Modeling formation and transport of clusters at high temperature and pressure gradients by implying partial chemical equilibrium
Eugene V. Stepanov, Alexander F. Gutsol

TL;DR
This paper presents a theoretical model for cluster transport in gases under high temperature and pressure gradients, emphasizing partial chemical equilibrium and deriving analytical expressions for diffusion coefficients.
Contribution
It introduces a novel collective description of cluster transport assuming local partial chemical equilibrium, applicable to high-temperature plasma processes.
Findings
Thermal diffusion can be significant even when molecular diffusion is negligible.
Analytical formulas for effective diffusion and thermal diffusion coefficients were derived.
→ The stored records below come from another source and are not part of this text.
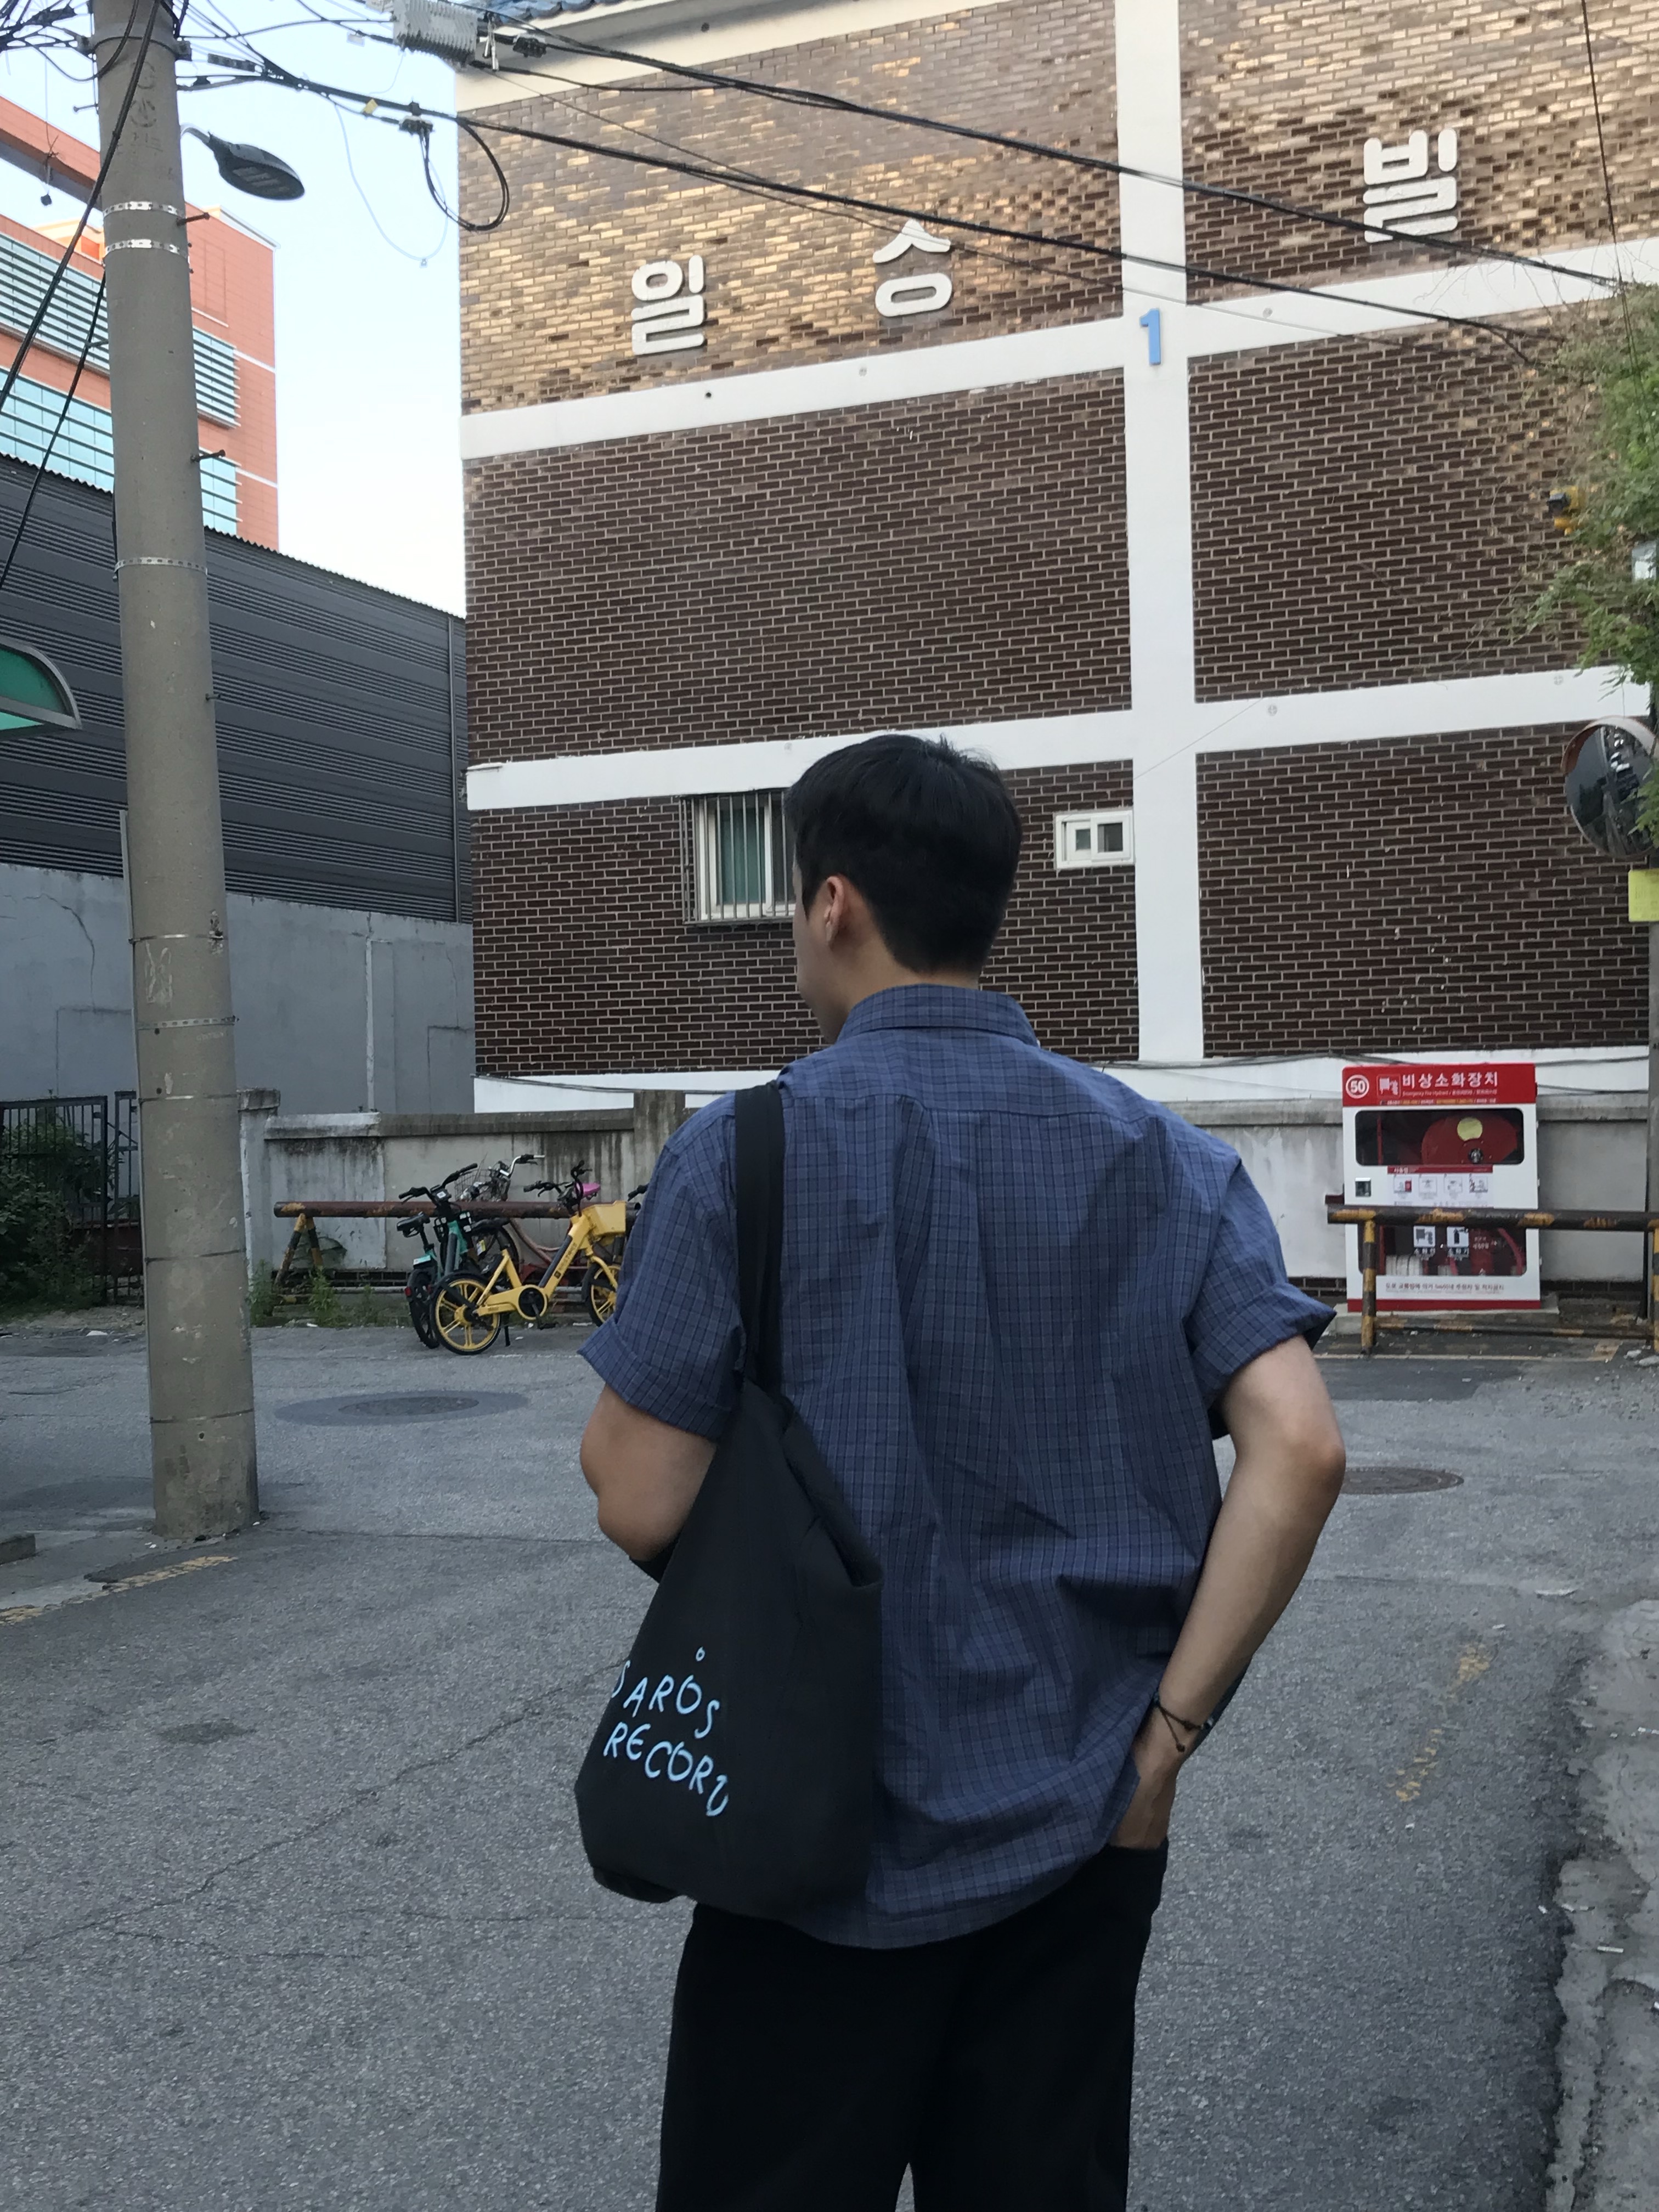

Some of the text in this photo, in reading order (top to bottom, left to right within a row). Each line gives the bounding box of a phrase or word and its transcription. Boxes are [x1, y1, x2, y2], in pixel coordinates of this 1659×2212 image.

[631, 128, 1458, 356] 일 승 빌
[1139, 307, 1161, 366] 1
[1350, 1071, 1498, 1093] 50 비상소화장치
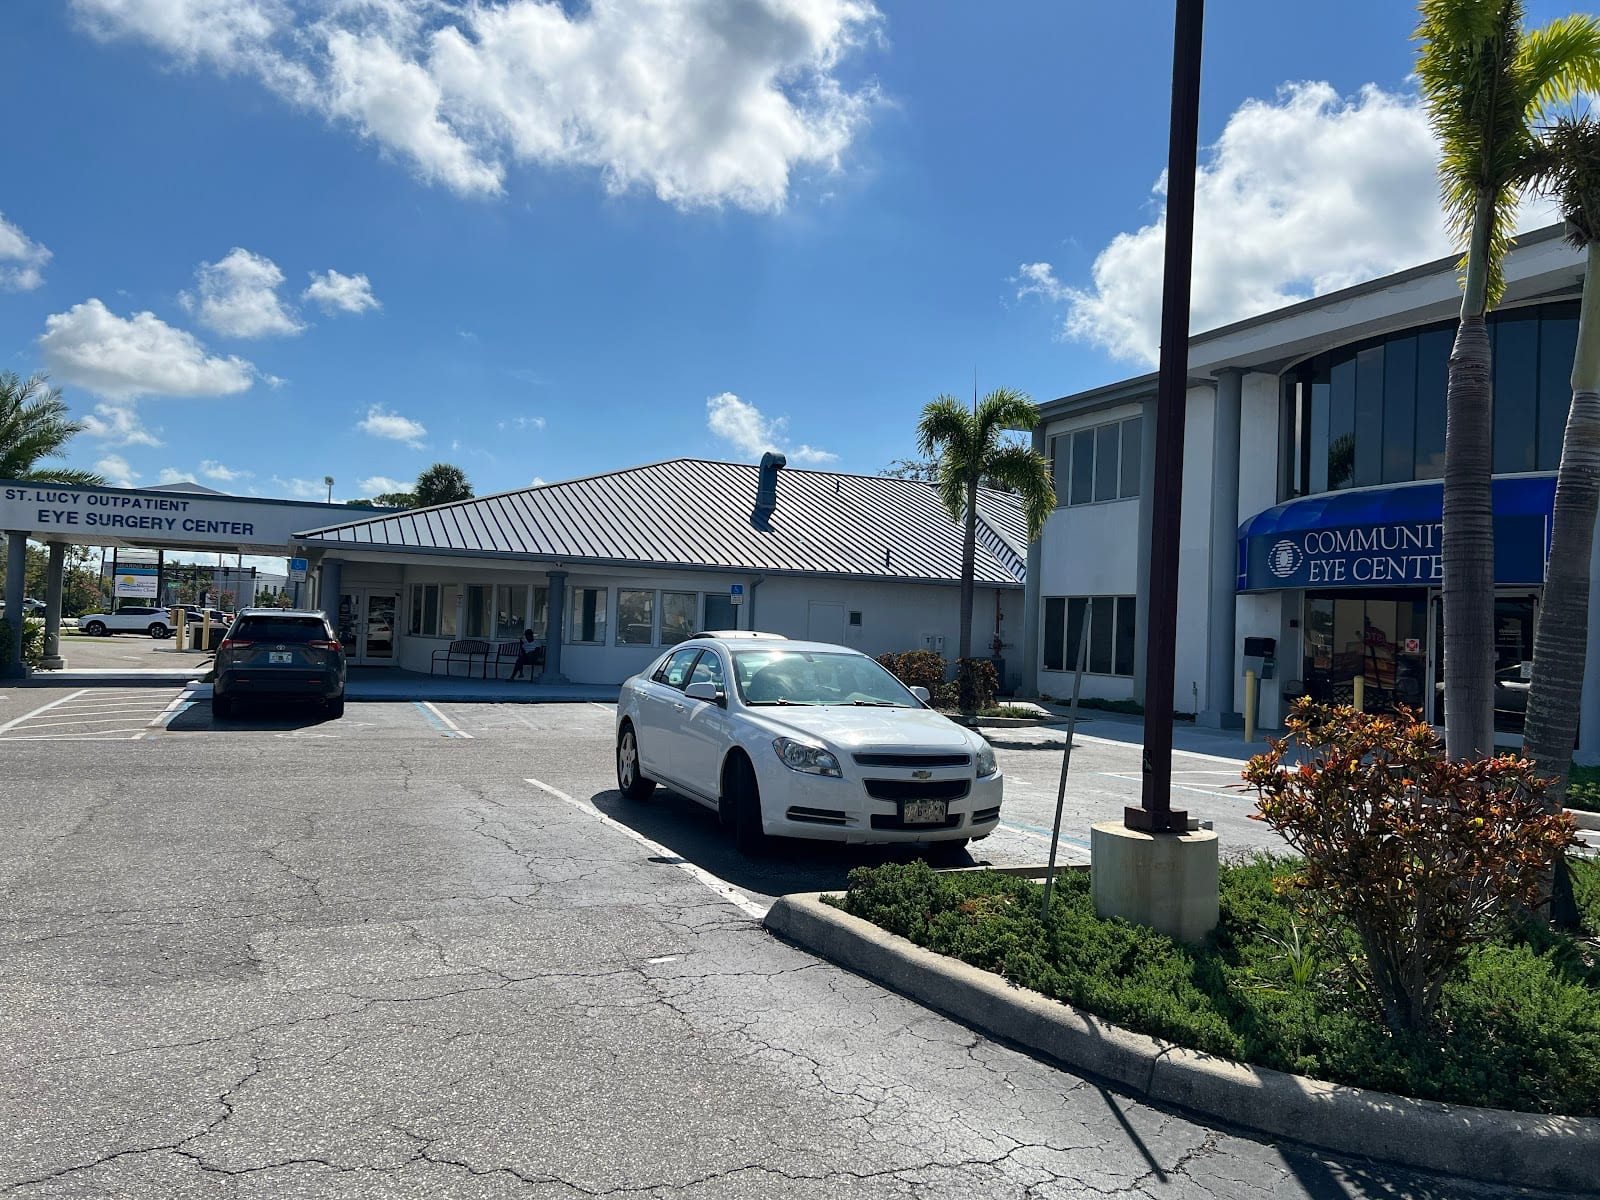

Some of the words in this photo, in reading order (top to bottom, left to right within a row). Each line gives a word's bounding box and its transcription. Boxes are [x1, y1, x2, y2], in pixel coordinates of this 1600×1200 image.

[5, 488, 32, 501] ST.
[36, 491, 81, 504] LUCY
[87, 494, 190, 512] OUTPATIENT
[37, 509, 79, 525] EYE
[85, 512, 177, 531] SURGERY
[182, 518, 254, 536] CENTER
[1304, 524, 1443, 554] COMMUNI
[1309, 559, 1346, 582] EYE
[1352, 555, 1443, 580] CENTE
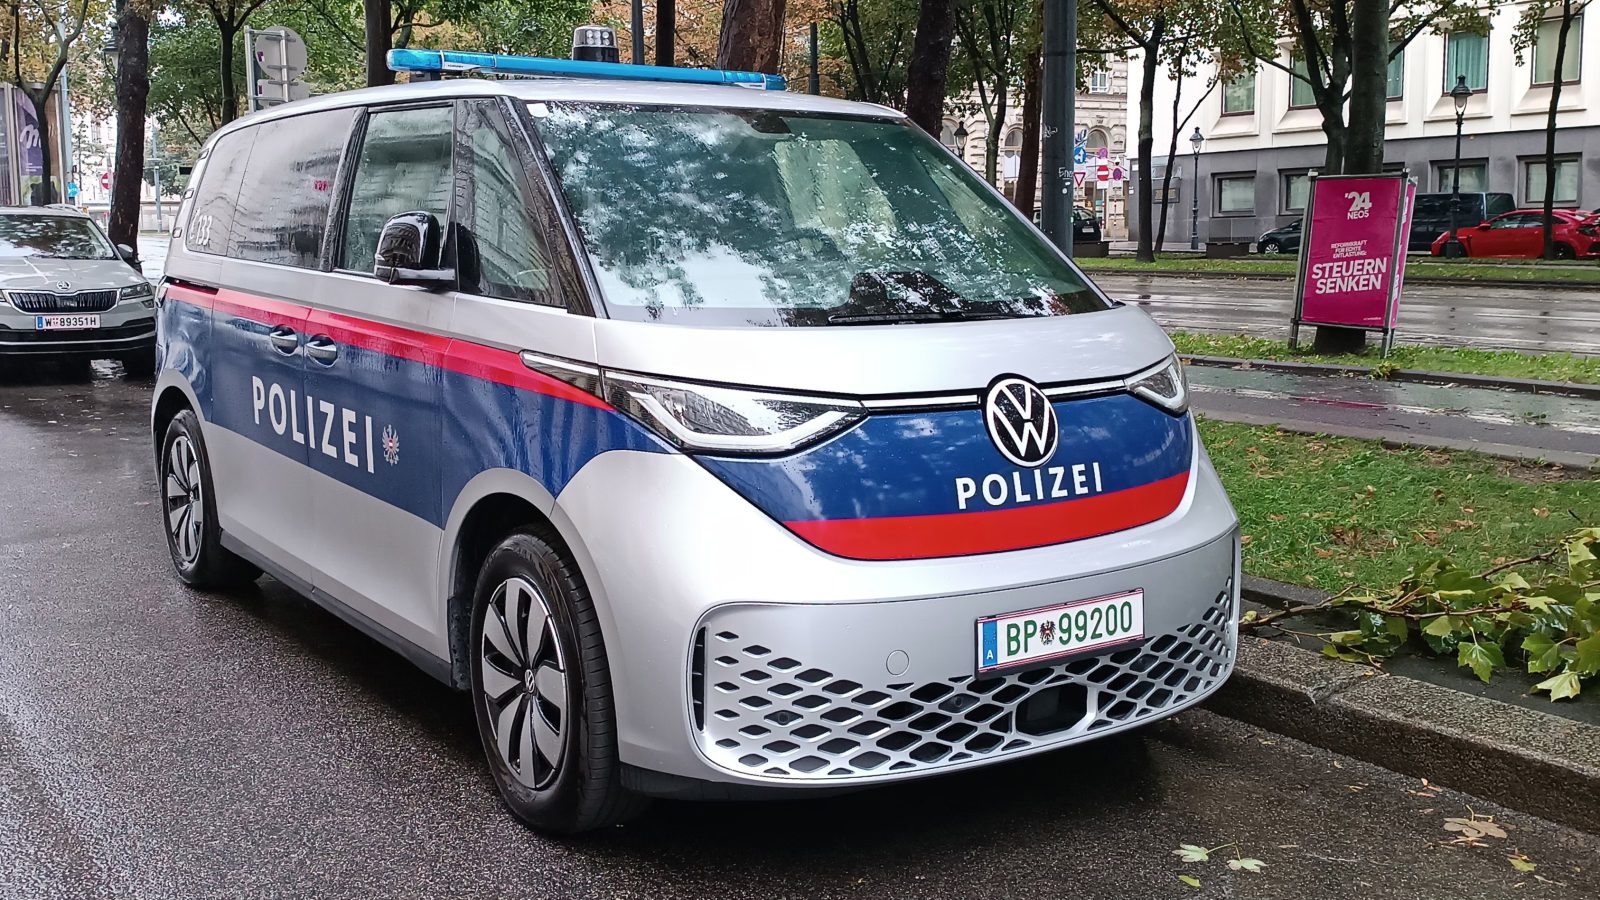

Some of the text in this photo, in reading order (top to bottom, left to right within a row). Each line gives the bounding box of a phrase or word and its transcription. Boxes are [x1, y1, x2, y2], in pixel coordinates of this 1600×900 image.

[1347, 210, 1370, 220] NEOS
[196, 214, 212, 246] 133
[1312, 257, 1387, 279] STEUERN
[1315, 274, 1382, 294] SENKEN
[44, 317, 52, 327] W
[252, 375, 375, 474] POLIZEI
[955, 462, 1103, 510] POLIZEI
[1006, 600, 1133, 657] BP 99200
[986, 649, 995, 660] A
The model successfully accounts for sulfur clusters in H2S conversion processes.
Abstract
A theoretical approach to describing transport of an entire ensemble of clusters with different sizes as a single species in gas has been developed. The major assumption is an existence of local partial chemical equilibrium between the clusters. It is shown that thermal diffusion emerges in the collective description as a significant factor even if it is negligible when transport of the original molecular species is considered. Analytical expressions for the effective diffusion and thermal diffusion coefficients at temperature, pressure, and chemical composition gradients have been derived. The theory has been applied to a technology of H2S conversion in a centrifugal plasma-chemical reactor and has made it possible to account for sulfur clusters in numerical process modeling.